[Required action] What is needed is an exact transcription of every record below.

Free-text object descriptions:
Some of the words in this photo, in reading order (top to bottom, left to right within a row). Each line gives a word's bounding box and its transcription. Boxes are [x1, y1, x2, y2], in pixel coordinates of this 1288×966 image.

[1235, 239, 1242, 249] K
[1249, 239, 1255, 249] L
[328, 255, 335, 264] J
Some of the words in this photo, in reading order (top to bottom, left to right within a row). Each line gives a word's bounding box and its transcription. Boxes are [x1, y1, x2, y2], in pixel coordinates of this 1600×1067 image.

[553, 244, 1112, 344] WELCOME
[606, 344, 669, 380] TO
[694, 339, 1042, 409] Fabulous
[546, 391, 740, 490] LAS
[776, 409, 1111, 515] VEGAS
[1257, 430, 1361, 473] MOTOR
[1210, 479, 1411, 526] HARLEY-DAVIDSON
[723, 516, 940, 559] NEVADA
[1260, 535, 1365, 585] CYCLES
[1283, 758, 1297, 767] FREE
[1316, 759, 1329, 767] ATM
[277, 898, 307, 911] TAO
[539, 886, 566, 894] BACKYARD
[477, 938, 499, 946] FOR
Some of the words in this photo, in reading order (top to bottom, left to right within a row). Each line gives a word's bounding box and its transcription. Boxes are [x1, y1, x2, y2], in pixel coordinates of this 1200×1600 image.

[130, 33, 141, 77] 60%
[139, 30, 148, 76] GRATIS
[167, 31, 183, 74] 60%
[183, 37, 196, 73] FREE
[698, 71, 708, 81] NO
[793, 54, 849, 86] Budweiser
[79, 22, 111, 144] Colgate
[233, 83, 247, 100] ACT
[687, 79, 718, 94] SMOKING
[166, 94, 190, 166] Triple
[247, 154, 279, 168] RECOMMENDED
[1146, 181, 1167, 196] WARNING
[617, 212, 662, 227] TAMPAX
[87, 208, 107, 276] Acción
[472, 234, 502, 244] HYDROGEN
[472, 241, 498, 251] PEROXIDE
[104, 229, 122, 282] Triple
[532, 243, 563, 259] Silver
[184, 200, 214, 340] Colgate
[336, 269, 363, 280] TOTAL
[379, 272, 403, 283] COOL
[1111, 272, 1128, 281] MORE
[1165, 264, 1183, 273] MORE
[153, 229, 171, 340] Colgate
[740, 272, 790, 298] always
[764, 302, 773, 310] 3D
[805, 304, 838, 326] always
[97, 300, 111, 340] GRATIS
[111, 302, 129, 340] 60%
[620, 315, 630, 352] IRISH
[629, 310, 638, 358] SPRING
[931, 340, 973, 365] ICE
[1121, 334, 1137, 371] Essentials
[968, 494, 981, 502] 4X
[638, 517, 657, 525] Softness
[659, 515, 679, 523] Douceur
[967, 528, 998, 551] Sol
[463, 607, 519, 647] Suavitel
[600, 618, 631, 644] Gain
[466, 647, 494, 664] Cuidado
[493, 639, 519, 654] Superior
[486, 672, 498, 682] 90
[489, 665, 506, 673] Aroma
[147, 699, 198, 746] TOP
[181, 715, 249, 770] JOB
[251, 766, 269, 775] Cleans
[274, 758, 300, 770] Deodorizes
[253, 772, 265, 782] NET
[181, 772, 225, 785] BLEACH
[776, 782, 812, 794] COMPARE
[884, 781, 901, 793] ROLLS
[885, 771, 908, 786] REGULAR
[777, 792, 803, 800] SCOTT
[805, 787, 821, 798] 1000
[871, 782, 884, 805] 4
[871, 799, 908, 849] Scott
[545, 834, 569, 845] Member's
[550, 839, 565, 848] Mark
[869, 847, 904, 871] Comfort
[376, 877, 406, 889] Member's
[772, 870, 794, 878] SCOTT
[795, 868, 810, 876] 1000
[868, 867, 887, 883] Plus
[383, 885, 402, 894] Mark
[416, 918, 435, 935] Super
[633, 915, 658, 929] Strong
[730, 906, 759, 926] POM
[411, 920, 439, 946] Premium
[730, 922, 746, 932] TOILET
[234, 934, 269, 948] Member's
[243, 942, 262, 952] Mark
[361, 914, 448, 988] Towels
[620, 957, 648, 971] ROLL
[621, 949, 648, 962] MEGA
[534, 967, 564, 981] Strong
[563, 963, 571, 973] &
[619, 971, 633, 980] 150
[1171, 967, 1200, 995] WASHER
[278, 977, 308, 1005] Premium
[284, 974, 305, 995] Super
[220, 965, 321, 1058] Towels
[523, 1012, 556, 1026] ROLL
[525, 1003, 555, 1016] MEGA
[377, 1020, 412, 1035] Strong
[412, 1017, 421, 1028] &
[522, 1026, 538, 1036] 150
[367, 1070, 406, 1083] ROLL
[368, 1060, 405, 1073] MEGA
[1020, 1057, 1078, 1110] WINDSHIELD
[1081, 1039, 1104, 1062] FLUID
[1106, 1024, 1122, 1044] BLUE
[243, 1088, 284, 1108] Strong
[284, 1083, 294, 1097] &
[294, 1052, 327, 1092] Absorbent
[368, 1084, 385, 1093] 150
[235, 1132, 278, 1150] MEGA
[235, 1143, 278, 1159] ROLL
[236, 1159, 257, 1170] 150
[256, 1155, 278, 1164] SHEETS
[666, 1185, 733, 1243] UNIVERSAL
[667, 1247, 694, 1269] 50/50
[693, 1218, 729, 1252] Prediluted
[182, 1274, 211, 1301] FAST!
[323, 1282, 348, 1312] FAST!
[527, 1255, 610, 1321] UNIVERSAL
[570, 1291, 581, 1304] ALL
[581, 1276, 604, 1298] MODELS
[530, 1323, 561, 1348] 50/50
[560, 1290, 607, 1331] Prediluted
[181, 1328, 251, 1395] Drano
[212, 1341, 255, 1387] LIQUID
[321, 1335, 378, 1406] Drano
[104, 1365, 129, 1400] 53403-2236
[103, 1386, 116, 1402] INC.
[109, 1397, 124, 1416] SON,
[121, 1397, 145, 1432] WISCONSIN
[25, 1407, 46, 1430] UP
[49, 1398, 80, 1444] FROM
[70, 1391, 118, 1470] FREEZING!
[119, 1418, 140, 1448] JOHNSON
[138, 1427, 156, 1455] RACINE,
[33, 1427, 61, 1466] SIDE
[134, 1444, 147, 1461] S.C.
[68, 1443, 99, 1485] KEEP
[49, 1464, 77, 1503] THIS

[Task answer]
Some of the words in this photo, in reading order (top to bottom, left to right within a row). Each line gives a word's bounding box and its transcription. Boxes are [x1, y1, x2, y2], in pixel coordinates of this 1288×966 image.

[1235, 239, 1242, 249] K
[1249, 239, 1255, 249] L
[328, 255, 335, 264] J
Some of the words in this photo, in reading order (top to bottom, left to right within a row). Each line gives a word's bounding box and its transcription. Boxes are [x1, y1, x2, y2], in pixel coordinates of this 1600×1067 image.

[553, 244, 1112, 344] WELCOME
[606, 344, 669, 380] TO
[694, 339, 1042, 409] Fabulous
[546, 391, 740, 490] LAS
[776, 409, 1111, 515] VEGAS
[1257, 430, 1361, 473] MOTOR
[1210, 479, 1411, 526] HARLEY-DAVIDSON
[723, 516, 940, 559] NEVADA
[1260, 535, 1365, 585] CYCLES
[1283, 758, 1297, 767] FREE
[1316, 759, 1329, 767] ATM
[277, 898, 307, 911] TAO
[539, 886, 566, 894] BACKYARD
[477, 938, 499, 946] FOR
Some of the words in this photo, in reading order (top to bottom, left to right within a row). Each line gives a word's bounding box and its transcription. Boxes are [x1, y1, x2, y2], in pixel coordinates of this 1200×1600 image.

[130, 33, 141, 77] 60%
[139, 30, 148, 76] GRATIS
[167, 31, 183, 74] 60%
[183, 37, 196, 73] FREE
[698, 71, 708, 81] NO
[793, 54, 849, 86] Budweiser
[79, 22, 111, 144] Colgate
[233, 83, 247, 100] ACT
[687, 79, 718, 94] SMOKING
[166, 94, 190, 166] Triple
[247, 154, 279, 168] RECOMMENDED
[1146, 181, 1167, 196] WARNING
[617, 212, 662, 227] TAMPAX
[87, 208, 107, 276] Acción
[472, 234, 502, 244] HYDROGEN
[472, 241, 498, 251] PEROXIDE
[104, 229, 122, 282] Triple
[532, 243, 563, 259] Silver
[184, 200, 214, 340] Colgate
[336, 269, 363, 280] TOTAL
[379, 272, 403, 283] COOL
[1111, 272, 1128, 281] MORE
[1165, 264, 1183, 273] MORE
[153, 229, 171, 340] Colgate
[740, 272, 790, 298] always
[764, 302, 773, 310] 3D
[805, 304, 838, 326] always
[97, 300, 111, 340] GRATIS
[111, 302, 129, 340] 60%
[620, 315, 630, 352] IRISH
[629, 310, 638, 358] SPRING
[931, 340, 973, 365] ICE
[1121, 334, 1137, 371] Essentials
[968, 494, 981, 502] 4X
[638, 517, 657, 525] Softness
[659, 515, 679, 523] Douceur
[967, 528, 998, 551] Sol
[463, 607, 519, 647] Suavitel
[600, 618, 631, 644] Gain
[466, 647, 494, 664] Cuidado
[493, 639, 519, 654] Superior
[486, 672, 498, 682] 90
[489, 665, 506, 673] Aroma
[147, 699, 198, 746] TOP
[181, 715, 249, 770] JOB
[251, 766, 269, 775] Cleans
[274, 758, 300, 770] Deodorizes
[253, 772, 265, 782] NET
[181, 772, 225, 785] BLEACH
[776, 782, 812, 794] COMPARE
[884, 781, 901, 793] ROLLS
[885, 771, 908, 786] REGULAR
[777, 792, 803, 800] SCOTT
[805, 787, 821, 798] 1000
[871, 782, 884, 805] 4
[871, 799, 908, 849] Scott
[545, 834, 569, 845] Member's
[550, 839, 565, 848] Mark
[869, 847, 904, 871] Comfort
[376, 877, 406, 889] Member's
[772, 870, 794, 878] SCOTT
[795, 868, 810, 876] 1000
[868, 867, 887, 883] Plus
[383, 885, 402, 894] Mark
[416, 918, 435, 935] Super
[633, 915, 658, 929] Strong
[730, 906, 759, 926] POM
[411, 920, 439, 946] Premium
[730, 922, 746, 932] TOILET
[234, 934, 269, 948] Member's
[243, 942, 262, 952] Mark
[361, 914, 448, 988] Towels
[620, 957, 648, 971] ROLL
[621, 949, 648, 962] MEGA
[534, 967, 564, 981] Strong
[563, 963, 571, 973] &
[619, 971, 633, 980] 150
[1171, 967, 1200, 995] WASHER
[278, 977, 308, 1005] Premium
[284, 974, 305, 995] Super
[220, 965, 321, 1058] Towels
[523, 1012, 556, 1026] ROLL
[525, 1003, 555, 1016] MEGA
[377, 1020, 412, 1035] Strong
[412, 1017, 421, 1028] &
[522, 1026, 538, 1036] 150
[367, 1070, 406, 1083] ROLL
[368, 1060, 405, 1073] MEGA
[1020, 1057, 1078, 1110] WINDSHIELD
[1081, 1039, 1104, 1062] FLUID
[1106, 1024, 1122, 1044] BLUE
[243, 1088, 284, 1108] Strong
[284, 1083, 294, 1097] &
[294, 1052, 327, 1092] Absorbent
[368, 1084, 385, 1093] 150
[235, 1132, 278, 1150] MEGA
[235, 1143, 278, 1159] ROLL
[236, 1159, 257, 1170] 150
[256, 1155, 278, 1164] SHEETS
[666, 1185, 733, 1243] UNIVERSAL
[667, 1247, 694, 1269] 50/50
[693, 1218, 729, 1252] Prediluted
[182, 1274, 211, 1301] FAST!
[323, 1282, 348, 1312] FAST!
[527, 1255, 610, 1321] UNIVERSAL
[570, 1291, 581, 1304] ALL
[581, 1276, 604, 1298] MODELS
[530, 1323, 561, 1348] 50/50
[560, 1290, 607, 1331] Prediluted
[181, 1328, 251, 1395] Drano
[212, 1341, 255, 1387] LIQUID
[321, 1335, 378, 1406] Drano
[104, 1365, 129, 1400] 53403-2236
[103, 1386, 116, 1402] INC.
[109, 1397, 124, 1416] SON,
[121, 1397, 145, 1432] WISCONSIN
[25, 1407, 46, 1430] UP
[49, 1398, 80, 1444] FROM
[70, 1391, 118, 1470] FREEZING!
[119, 1418, 140, 1448] JOHNSON
[138, 1427, 156, 1455] RACINE,
[33, 1427, 61, 1466] SIDE
[134, 1444, 147, 1461] S.C.
[68, 1443, 99, 1485] KEEP
[49, 1464, 77, 1503] THIS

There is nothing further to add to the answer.